▸ **The task**:
The task calls for each record to be given again unchanged, minus any pictures.

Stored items
┄┄┄┄┄┄

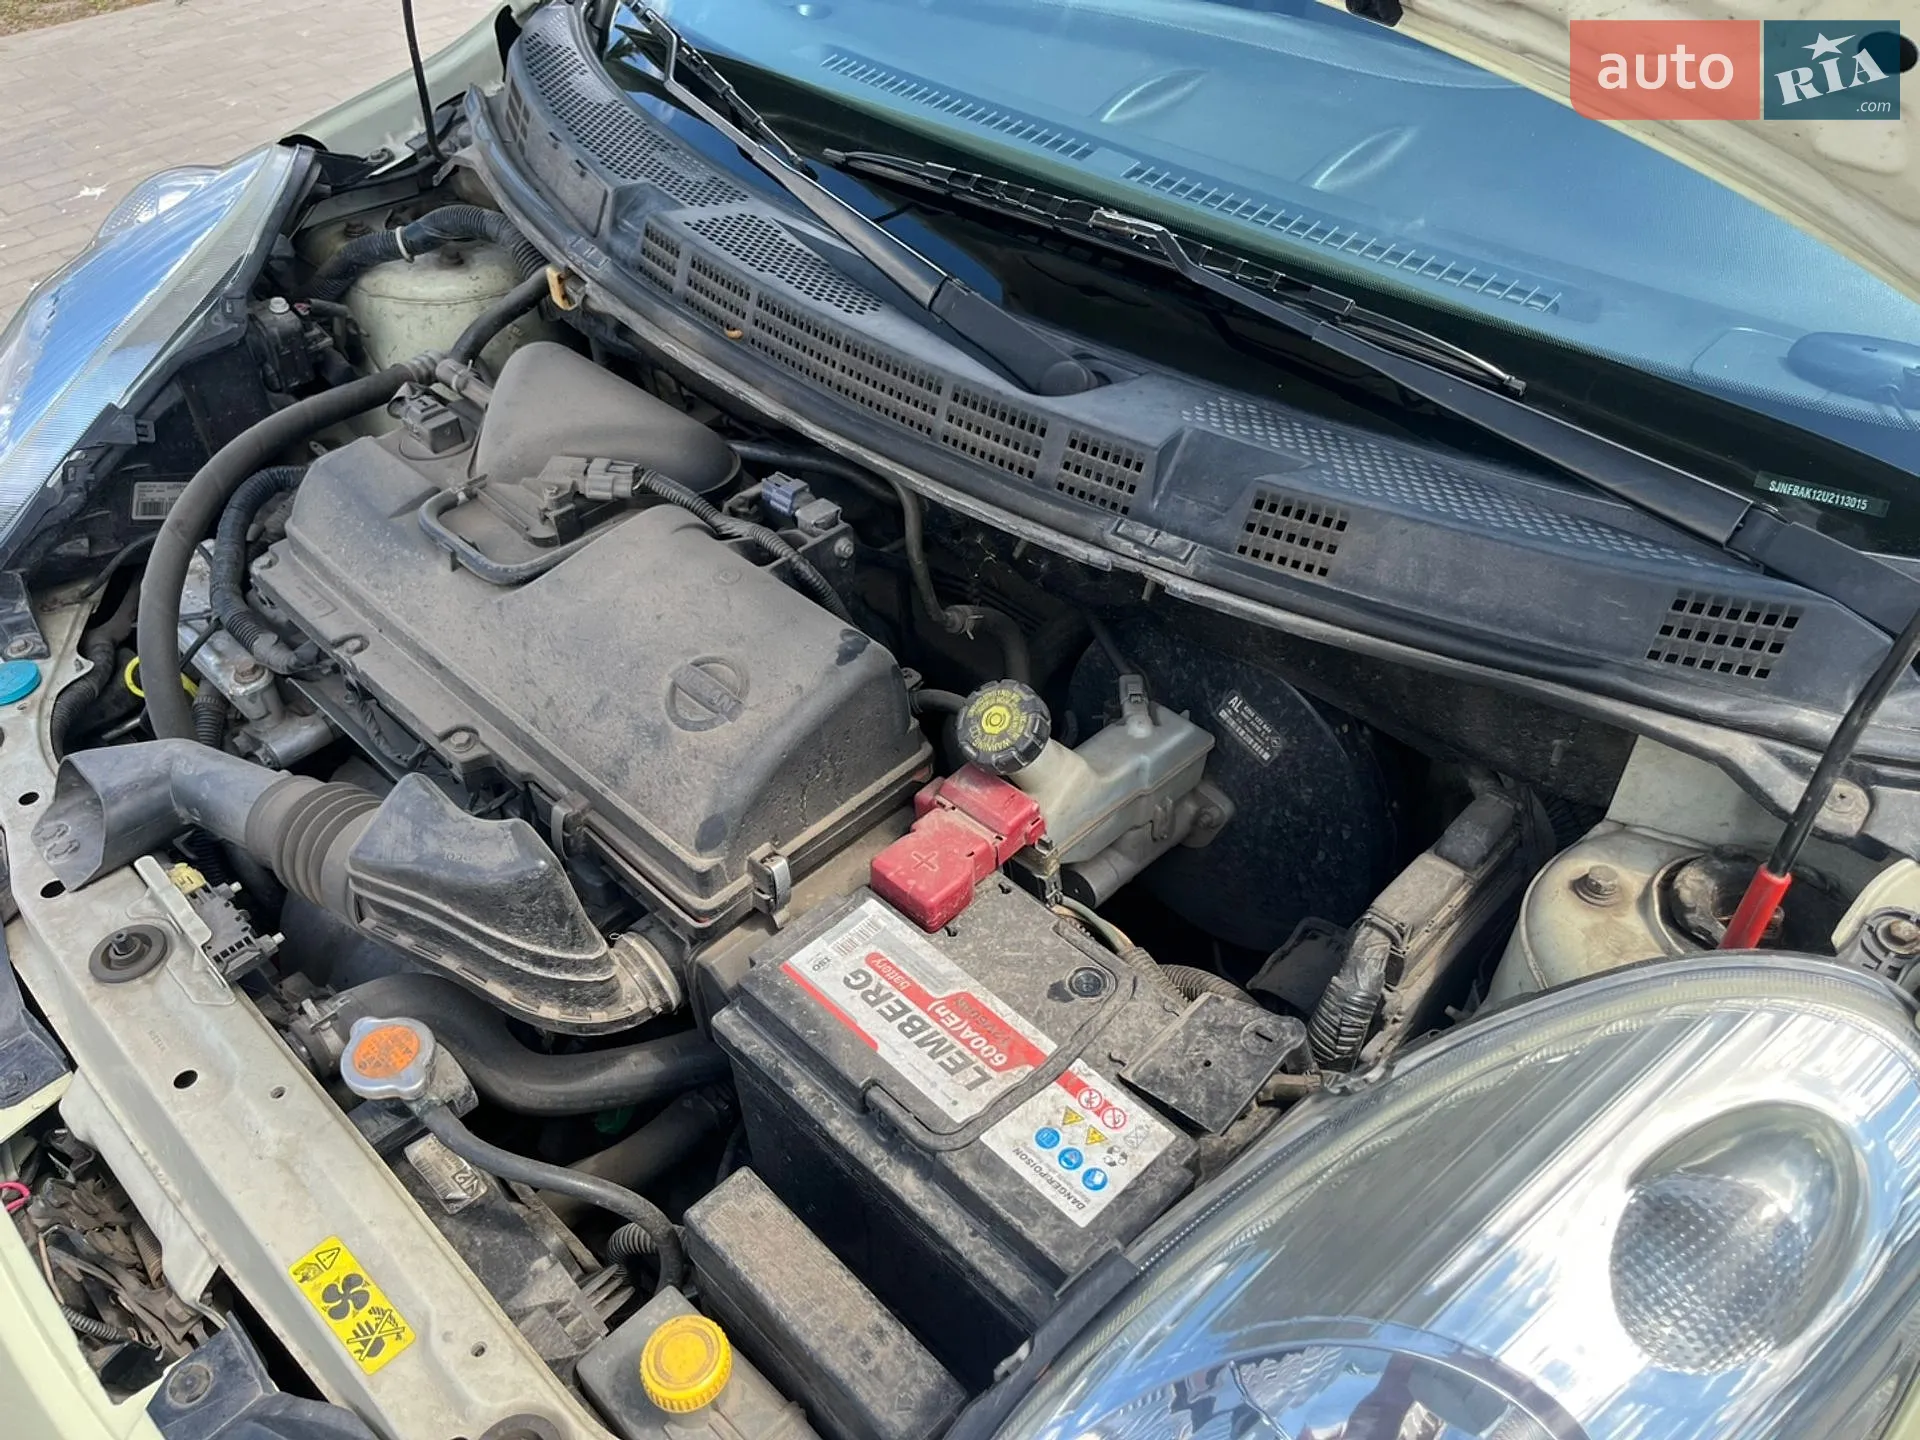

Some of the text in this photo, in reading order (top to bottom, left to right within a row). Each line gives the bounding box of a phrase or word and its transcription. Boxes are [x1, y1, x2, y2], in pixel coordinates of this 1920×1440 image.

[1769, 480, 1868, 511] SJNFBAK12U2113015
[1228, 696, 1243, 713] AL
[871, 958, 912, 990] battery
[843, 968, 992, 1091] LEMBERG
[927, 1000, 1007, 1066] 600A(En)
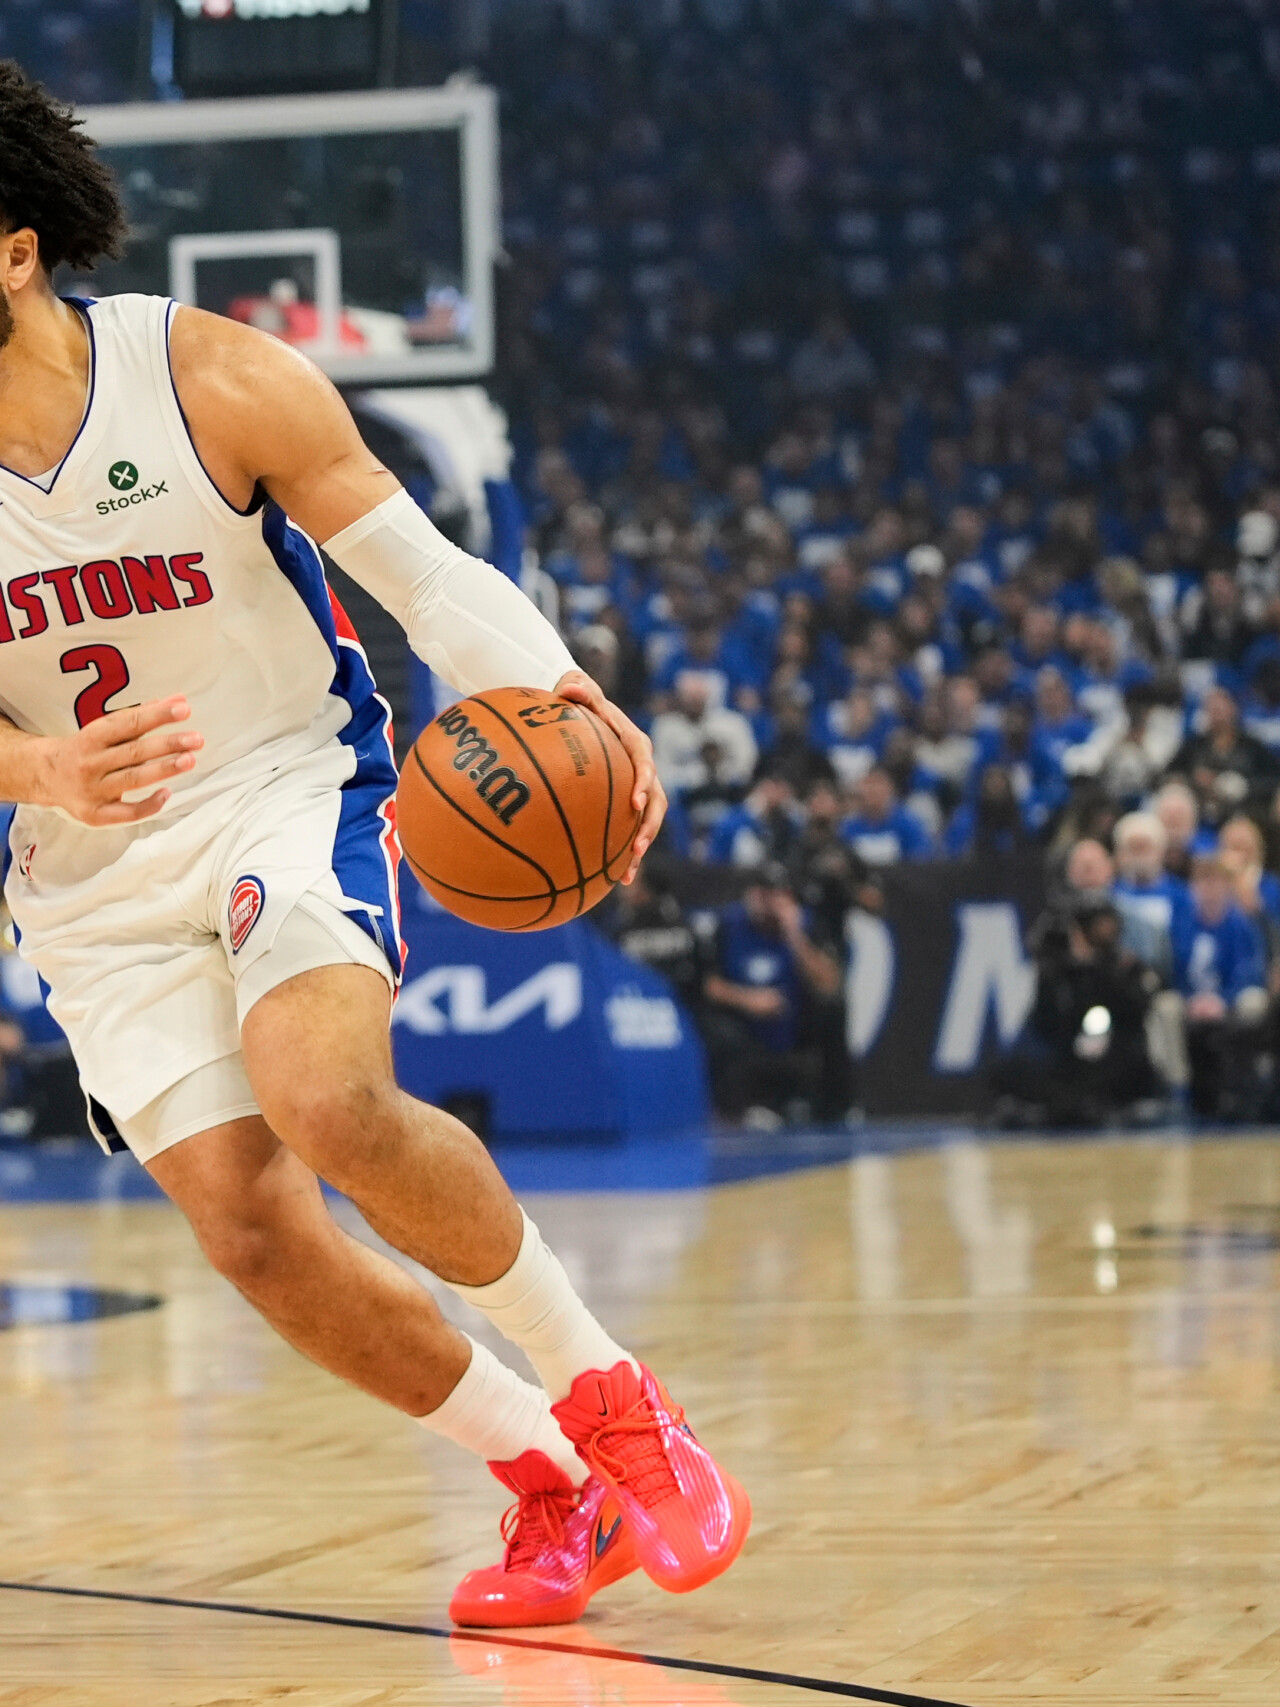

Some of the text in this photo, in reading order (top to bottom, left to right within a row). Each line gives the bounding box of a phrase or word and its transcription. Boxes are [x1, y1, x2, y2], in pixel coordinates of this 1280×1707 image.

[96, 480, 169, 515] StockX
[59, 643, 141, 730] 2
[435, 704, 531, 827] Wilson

┄┄┄┄┄┄

▸ **Written reply**:
Some of the text in this photo, in reading order (top to bottom, left to right within a row). Each line gives the bounding box of a phrase or word and its transcription. Boxes are [x1, y1, x2, y2], in pixel coordinates of this 1920×1440 image.

[1769, 480, 1868, 511] SJNFBAK12U2113015
[1228, 696, 1243, 713] AL
[871, 958, 912, 990] battery
[843, 968, 992, 1091] LEMBERG
[927, 1000, 1007, 1066] 600A(En)

Some of the text in this photo, in reading order (top to bottom, left to right within a row). Each line gives the bounding box of a phrase or word and its transcription. Boxes are [x1, y1, x2, y2], in pixel coordinates of this 1280×1707 image.

[96, 480, 169, 515] StockX
[59, 643, 141, 730] 2
[435, 704, 531, 827] Wilson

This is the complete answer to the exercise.